┌────────

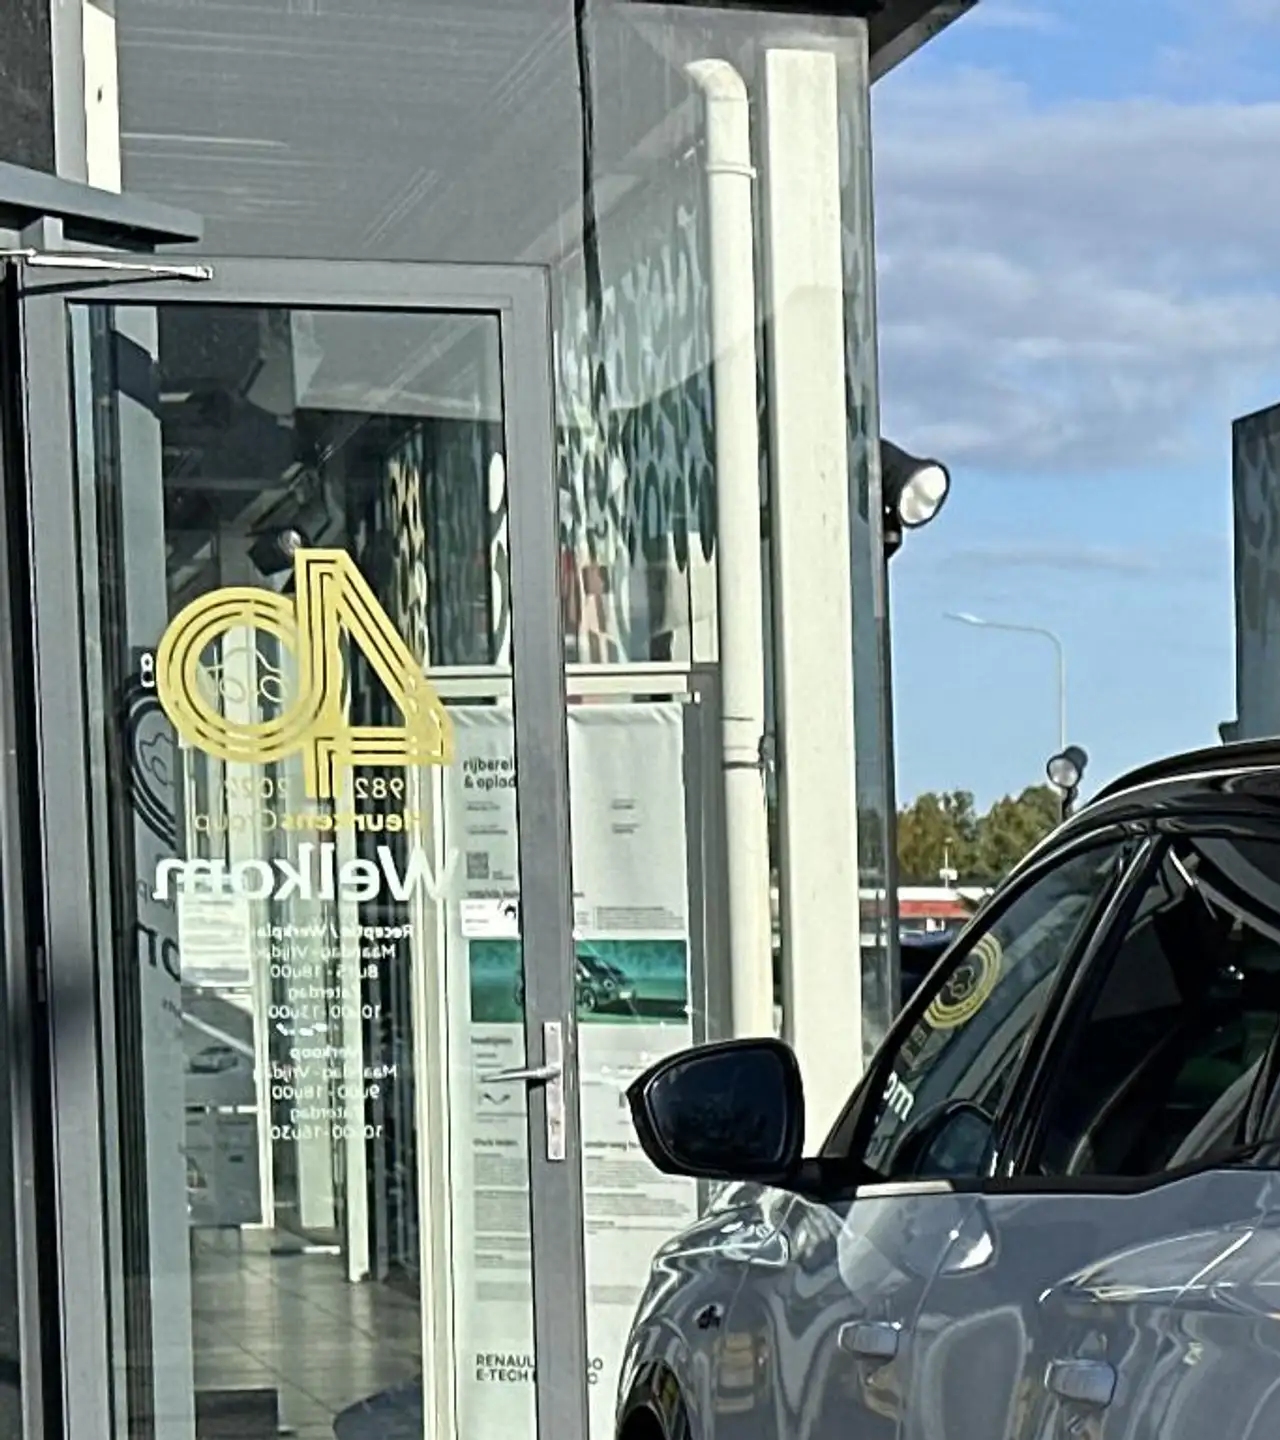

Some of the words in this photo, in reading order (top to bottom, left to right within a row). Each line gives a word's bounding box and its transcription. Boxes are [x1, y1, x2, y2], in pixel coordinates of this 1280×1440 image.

[463, 755, 514, 775] rijberei
[477, 774, 517, 792] oplad
[476, 1353, 535, 1369] RENAUL
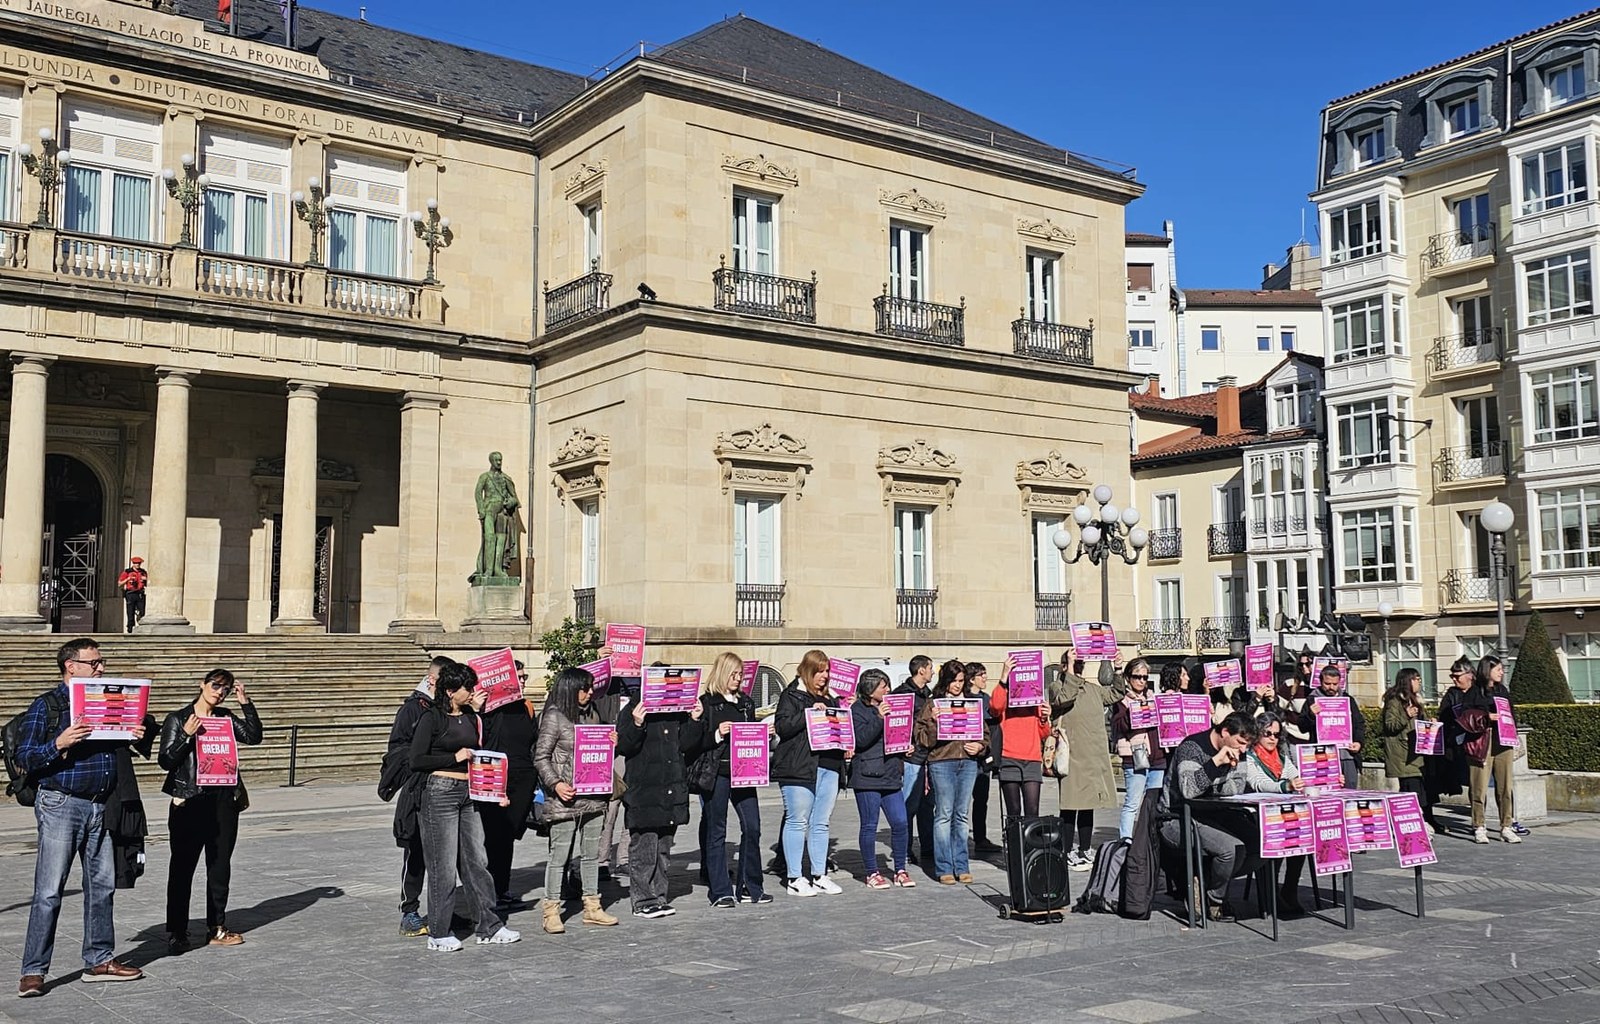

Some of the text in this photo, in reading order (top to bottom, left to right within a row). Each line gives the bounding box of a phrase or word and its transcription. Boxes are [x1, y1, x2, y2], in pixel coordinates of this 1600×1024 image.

[27, 0, 101, 27] JAUREGIA
[119, 20, 183, 44] PALACIO
[193, 36, 212, 50] DE
[220, 42, 239, 57] LA
[248, 49, 320, 75] PROVINCIA
[3, 51, 425, 148] LDUNDIA DIPUTACION FORAL DE ALAVA
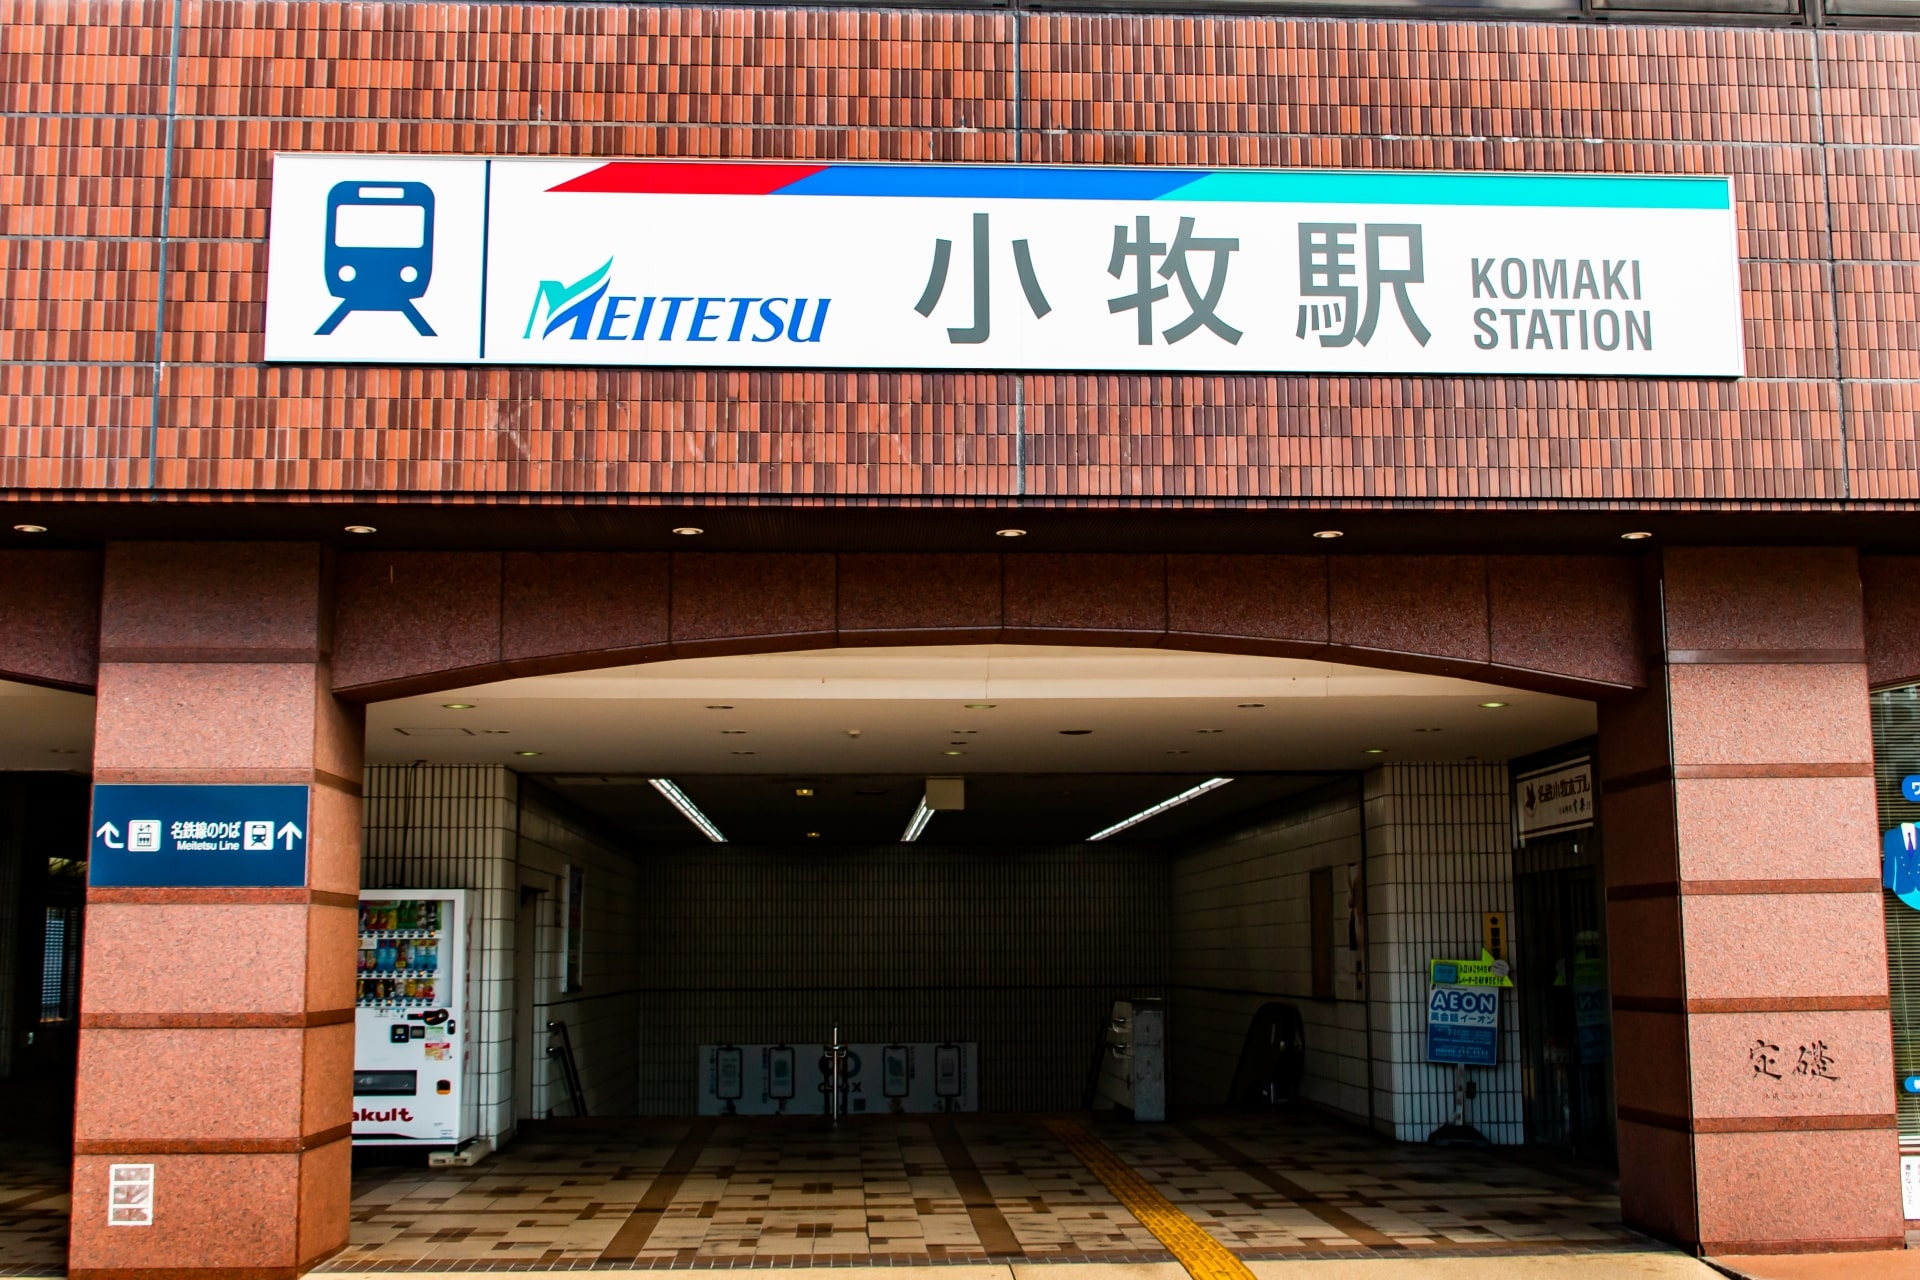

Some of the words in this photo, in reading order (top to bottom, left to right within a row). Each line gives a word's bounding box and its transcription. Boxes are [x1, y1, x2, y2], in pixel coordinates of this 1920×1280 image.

└────────

Your task » Transcribe the data completely. No pictures should appear in the transcription.

Expected answer »
Some of the words in this photo, in reading order (top to bottom, left to right within a row). Each line gives a word's bounding box and its transcription. Boxes are [x1, y1, x2, y2], in pixel coordinates of this 1280×1440 image.

[463, 755, 514, 775] rijberei
[477, 774, 517, 792] oplad
[476, 1353, 535, 1369] RENAUL

Some of the text in this photo, in reading order (top to bottom, left to right within a row). Each line gives the bounding box of a phrase or word and its transcription. Boxes are [x1, y1, x2, y2], in pixel coordinates of this 1600×1024 image.

[27, 0, 101, 27] JAUREGIA
[119, 20, 183, 44] PALACIO
[193, 36, 212, 50] DE
[220, 42, 239, 57] LA
[248, 49, 320, 75] PROVINCIA
[3, 51, 425, 148] LDUNDIA DIPUTACION FORAL DE ALAVA

Some of the words in this photo, in reading order (top to bottom, left to right within a row). Each line gives a word's bounding box and its transcription. Boxes are [x1, y1, x2, y2], in pixel coordinates of this 1920×1280 image.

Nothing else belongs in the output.